İş Dünyasında Atların Eşek Olması
At olarak eşek maaşıyla başlarsın, fil yükünü çekersin. Çektiğin yüke bakmadan
‘Biz seni at sanıyorduk, ama sen koşmuyorsun’ derler.
Hoş Geldin burası iş dünyası!.
İş sektörü her zaman sorunludur, ‘Her yerde aynı sıkıntılar var’ diyerek bu durumu kabullenmiş insanlardan gına geldi artık. ‘Bu durum bu şekilde, işleyiş bu.’ Hiyerarşik düzen ile bezenmiş bu sektörde eğer açık ararsanız herkes bulabilir. Her zaman düzeltilmesi gereken kusurlar vardır ama kimse bunu o bulundukları yapı içerisinde bir üst kademeye bildirmezler.
Dünyayı bilmiyorum ama ülkemizde özel sektör işe alımlar ve çalışma durumları şu şekilde ilerliyor.

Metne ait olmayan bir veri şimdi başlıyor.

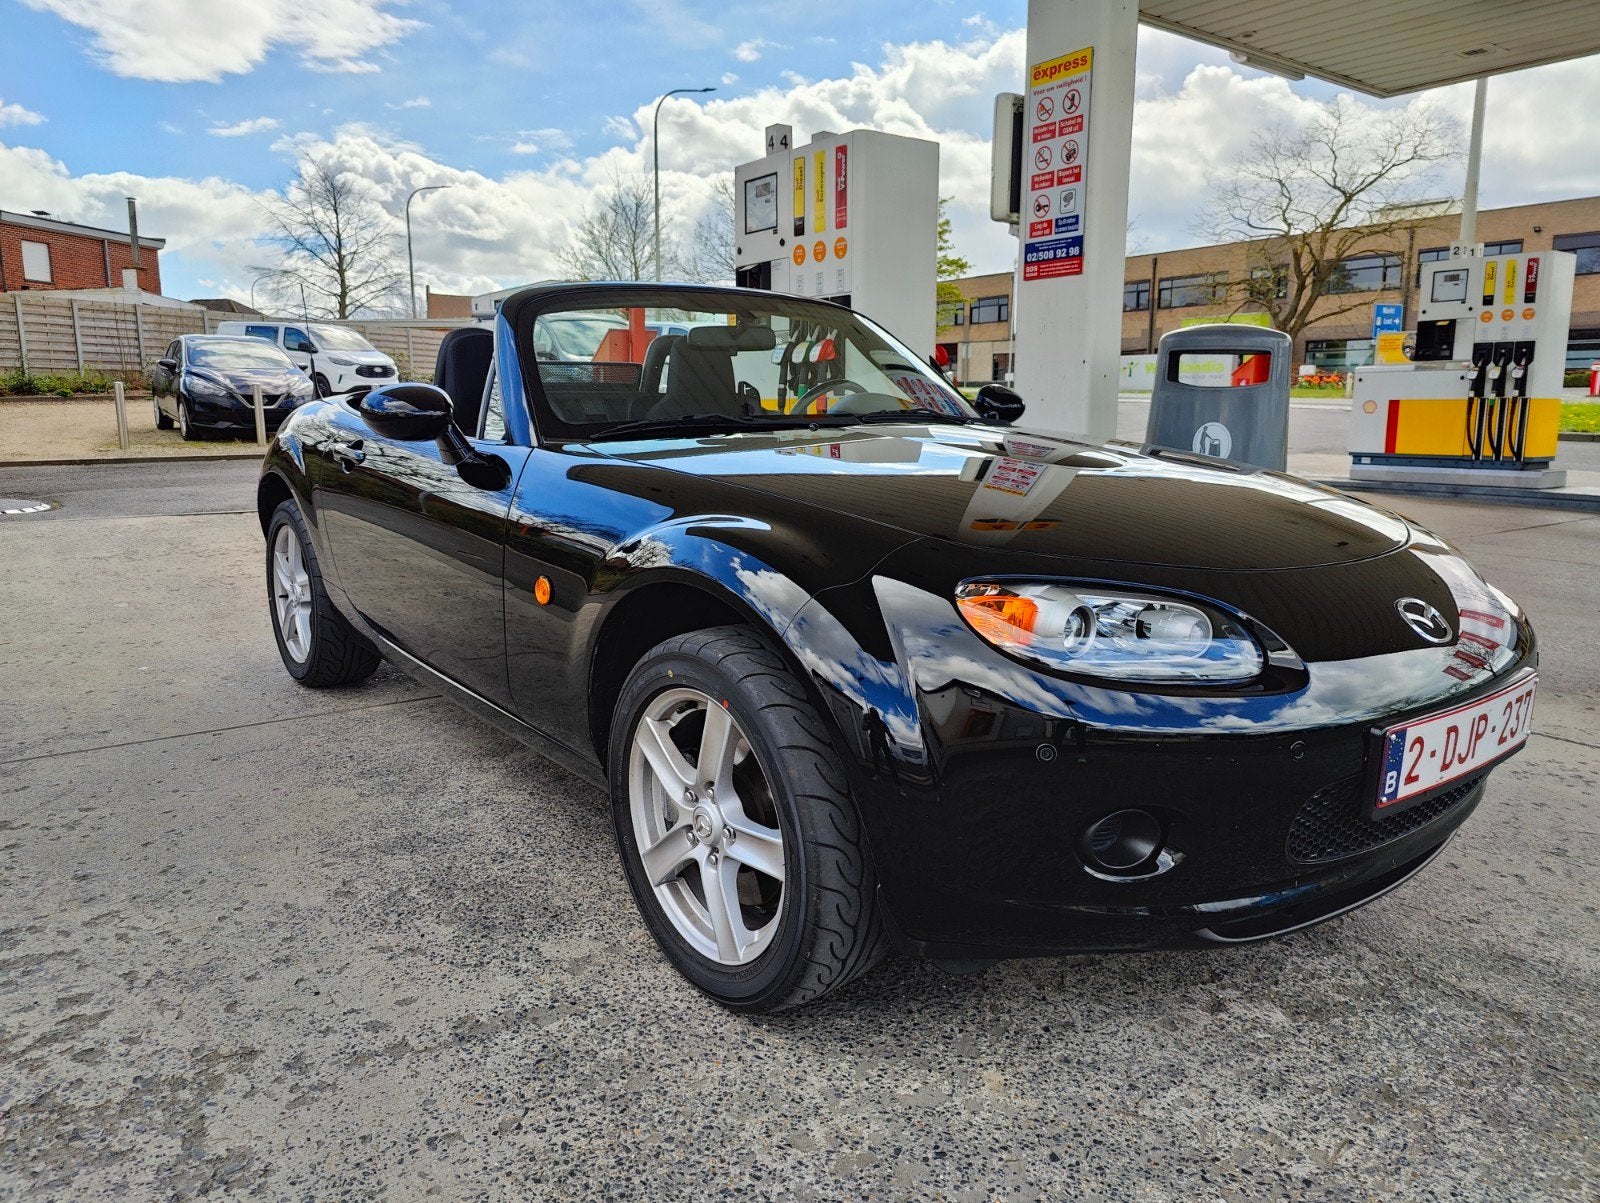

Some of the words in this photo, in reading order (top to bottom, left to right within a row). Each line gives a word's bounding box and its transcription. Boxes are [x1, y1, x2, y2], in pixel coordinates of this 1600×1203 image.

Bir at olduğunuzu düşünün;
- Bir atsınız, gençsiniz ve çalışma azminiz başarı potansiyeliniz var ve kendinizi bir şekilde bir şey üzerinde geliştiriyorsunuz. Elinizde daha önce başarmış olduğunu şeyler var ve ben daha fazlasını yapabilirim diyorsunuz. Bir yer ile çalışmaya karar veriyorsunuz, sizi daha kurumsal yapacak bir yer. Hemen iş ilanlarına bakıyorsunuz, sanırım firma sahipleri sizin sektörünüzle ilgili google’da araştırma yapmış ve ne kadar özellik varsa toplanmasını istemiş gibi. Onu bilen, bunu yapan, şundan anlayan kabarık bir liste ile karşılaşıyorsunuz. Bu kadar şeyi yapsam sana neden yapayım derler insana, veya sen bunların hepsini yaptıracak kadar iş yapıyor musun?
. . .
- Bir şekilde iş buldunuz diyelim, pozisyonun sadece koşmak olarak başladığınız işte, üzerinize fil yükü yüklenir. Zaten mecbur olduğunuz için yıllar boyunca alışılmış bir düzenle kabullenilmiş bir şekilde eşek maaşıyla fil yükünü çekmeye çalışırsınız.
. . .
- Daha sonra anlarsınız ki, sizi yönlendirmesi için başınıza diktikleri insanlar yapılan iş hakkında hiç bir bilgisi olmadığı için sadece sermayesi olduğu için kurulmuş bir oluşum olduğu için sizin yükünüz fil yükü haline gelmiştir. Veya her taşır mısınız diyene kendileri taşımadığı için taşırız demişler. Bilmediklerini kabul etmeyen yöneticiler sayesinde aylar boyunca ilerleyişiniz bu şekilde devam eder. Sonra artık bu yükü kaldıramayacağınızı anladığınızda, bu böyle olmaz böyle yürümez dediğinize isyan ve anarşi karıştığında işe ama ‘biz seni at diye almıştık sen koşmuyorsun‘ derler. Asıl durumlar açıklandığında, yollar gösterildiğinde herkes doğru yolu görmüş olsada.
İşi yapan kişi yine işin başına, onun başına ise ‘tamam senin dediğin gibi yap’ o zaman demesi için yönetici gelir.
. . .
Şükürler olsunki bizim sektörümüzde isyan edilebiliyor. Yöneticilere ve kuruculara ihtiyaç duymadan hayatımızı sürdürebiliyoruz, ama diğer bir çok sektör. Zaten maaşını veriyorum abi şunuda yapsın‘cılar ile dolu. İşin bitmesinden daha çok mesainin bitmesiyle kendini odaklamış insanlar.
Teknolojinin gelişmesi ve insanların blogger, youtuber veya e-ticarete yönelmelerine en çok bu nedenle seviniyorum. Topluluk koyunsal dürtülerden kurtularak kendi ayaklarının üzerinde durma ve ben başarabilirim özelliğini kazanmaya başlıyor.